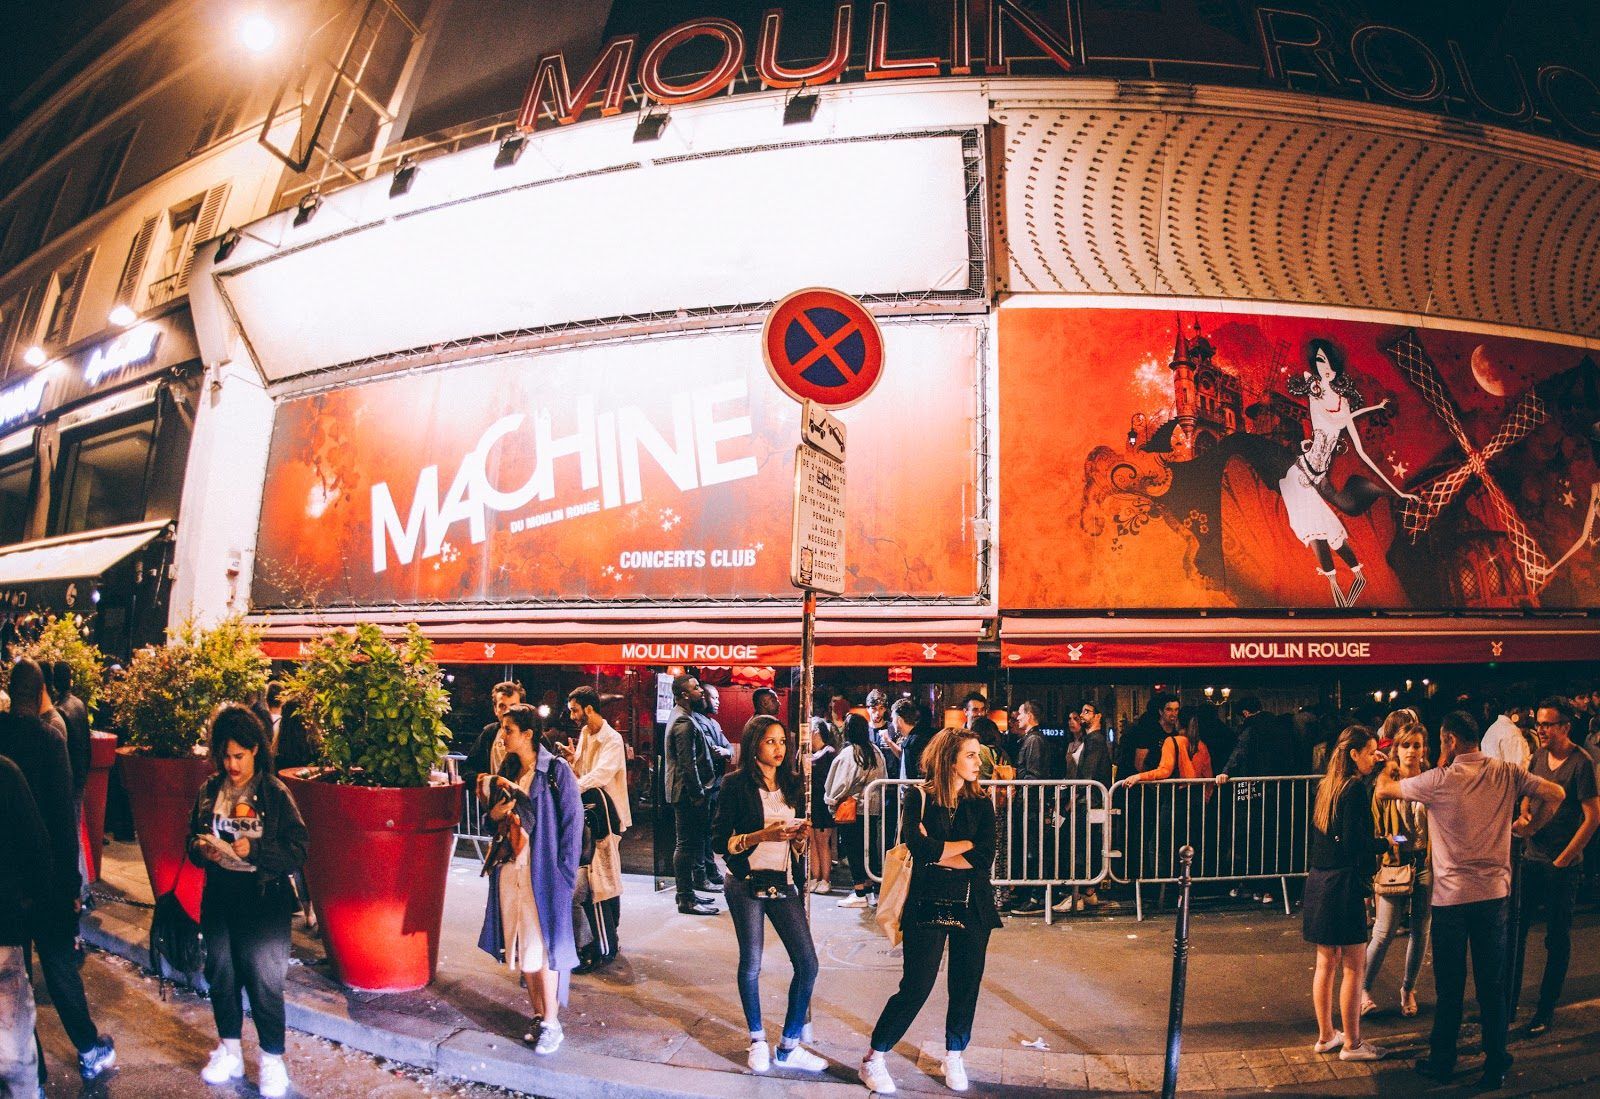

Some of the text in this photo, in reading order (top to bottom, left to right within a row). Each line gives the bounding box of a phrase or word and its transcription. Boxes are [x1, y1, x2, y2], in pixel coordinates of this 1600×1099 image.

[516, 0, 1088, 132] MOULIN
[804, 447, 817, 459] SAUF
[802, 459, 809, 468] DE
[371, 380, 759, 573] MACHINE
[801, 494, 807, 503] DE
[808, 485, 840, 505] DE TOURISME
[510, 499, 601, 534] DU MOULIN ROUGE
[812, 511, 834, 525] PENDANT
[811, 522, 836, 537] LA DURÉE
[619, 549, 757, 569] CONCERTS CLUB
[621, 643, 758, 660] MOULIN ROUGE
[1230, 642, 1371, 660] MOULIN ROUGE

□ □ □

**AIM OF THE TASK:**
Exclude images and repeat all entries exactly.

**EXERCISE RESULT:**
Some of the text in this photo, in reading order (top to bottom, left to right within a row). Each line gives the bounding box of a phrase or word and its transcription. Boxes are [x1, y1, x2, y2], in pixel coordinates of this 1600×1099 image.

[516, 0, 1088, 132] MOULIN
[804, 447, 817, 459] SAUF
[802, 459, 809, 468] DE
[371, 380, 759, 573] MACHINE
[801, 494, 807, 503] DE
[808, 485, 840, 505] DE TOURISME
[510, 499, 601, 534] DU MOULIN ROUGE
[812, 511, 834, 525] PENDANT
[811, 522, 836, 537] LA DURÉE
[619, 549, 757, 569] CONCERTS CLUB
[621, 643, 758, 660] MOULIN ROUGE
[1230, 642, 1371, 660] MOULIN ROUGE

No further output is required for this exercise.